§ TASK INSTRUCTIONS:
Apart from the pictures, every record here must be copied word for word.

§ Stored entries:
▽

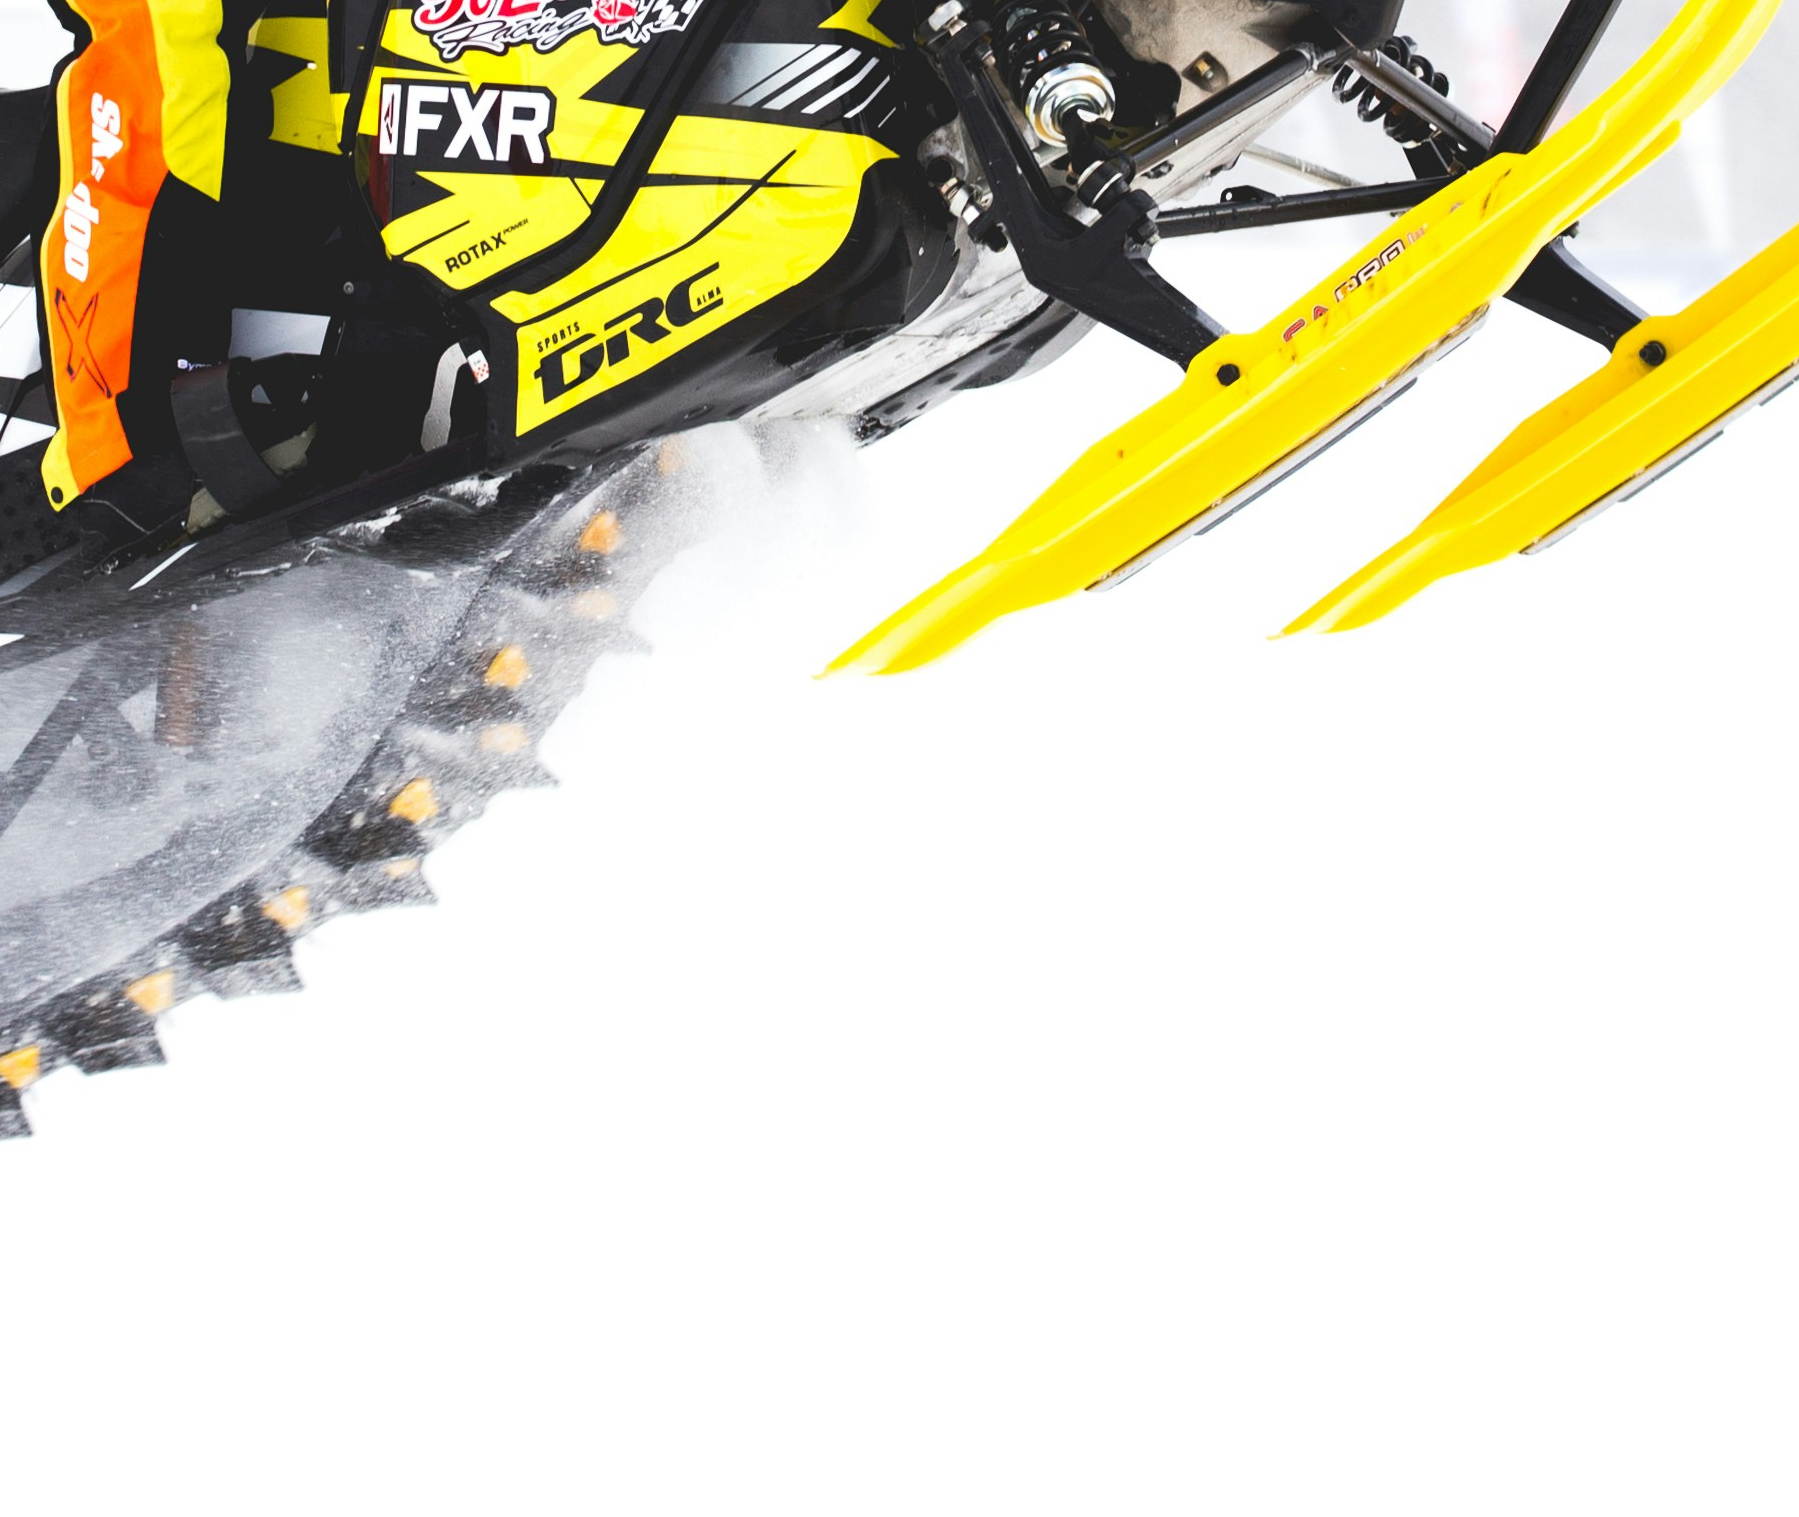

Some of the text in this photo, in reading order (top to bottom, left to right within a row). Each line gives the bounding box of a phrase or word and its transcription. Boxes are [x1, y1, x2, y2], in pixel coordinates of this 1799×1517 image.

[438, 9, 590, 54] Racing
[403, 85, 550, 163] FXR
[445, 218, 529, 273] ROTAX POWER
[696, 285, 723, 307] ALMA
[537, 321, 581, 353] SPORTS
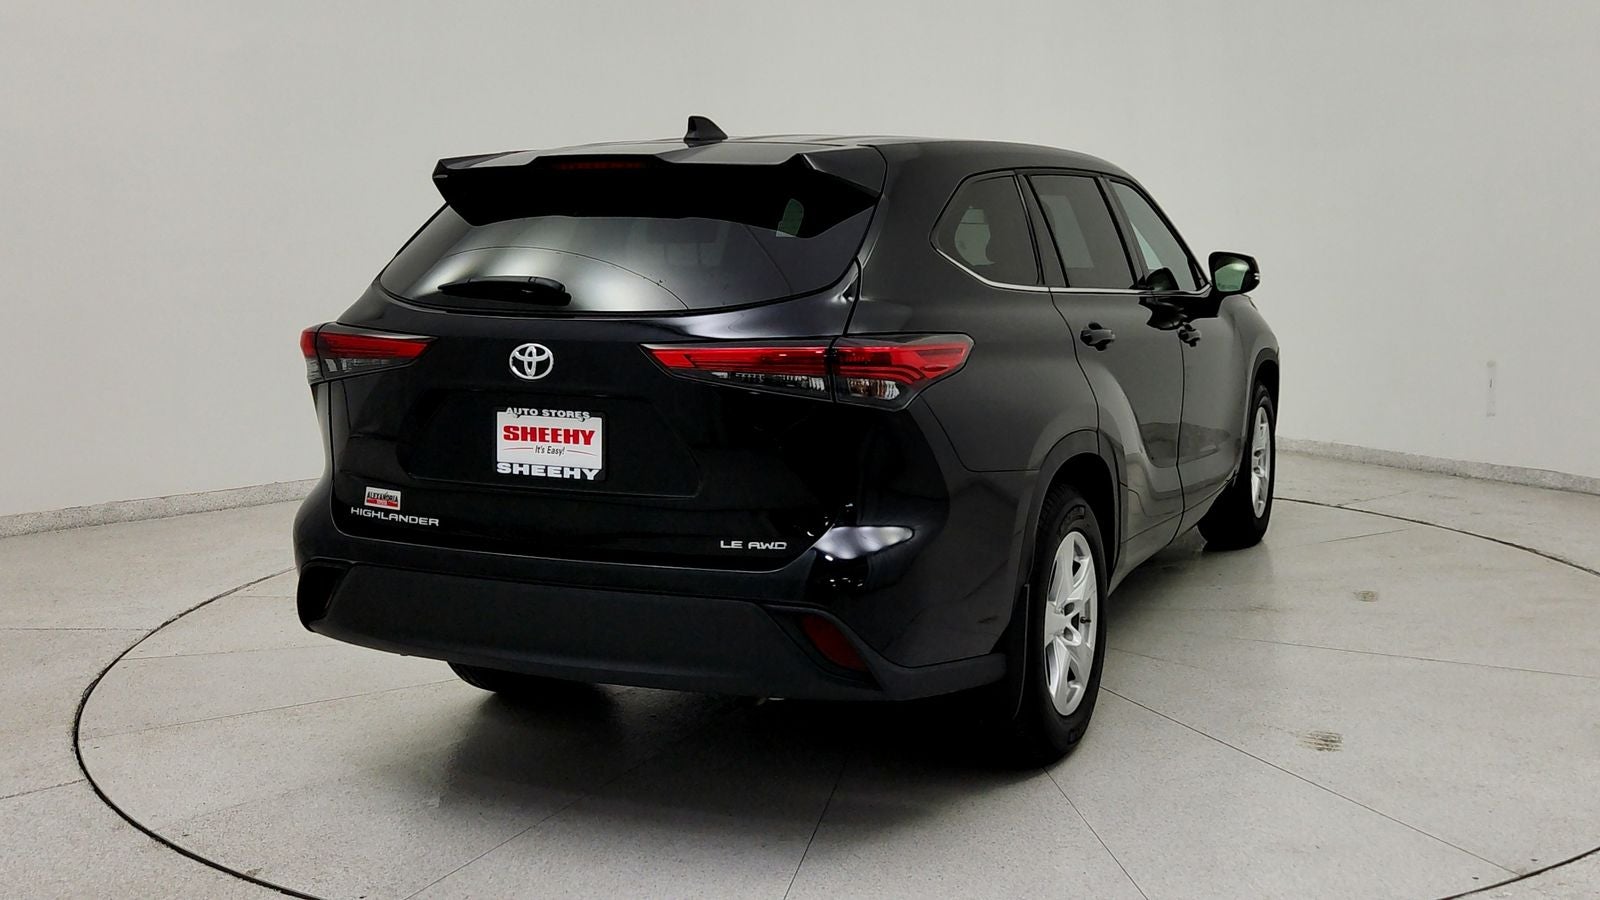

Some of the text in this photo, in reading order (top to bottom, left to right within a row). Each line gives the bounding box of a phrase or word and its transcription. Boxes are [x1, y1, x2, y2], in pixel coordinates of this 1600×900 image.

△

§ RESPONSE BOX:
Some of the text in this photo, in reading order (top to bottom, left to right within a row). Each line gives the bounding box of a phrase or word and its transcription. Boxes are [x1, y1, x2, y2], in pixel coordinates of this 1799×1517 image.

[438, 9, 590, 54] Racing
[403, 85, 550, 163] FXR
[445, 218, 529, 273] ROTAX POWER
[696, 285, 723, 307] ALMA
[537, 321, 581, 353] SPORTS

Some of the text in this photo, in reading order (top to bottom, left to right within a row). Each line gives the bounding box of a phrase or word and its transcription. Boxes are [x1, y1, x2, y2], in pixel coordinates of this 1600×900 image.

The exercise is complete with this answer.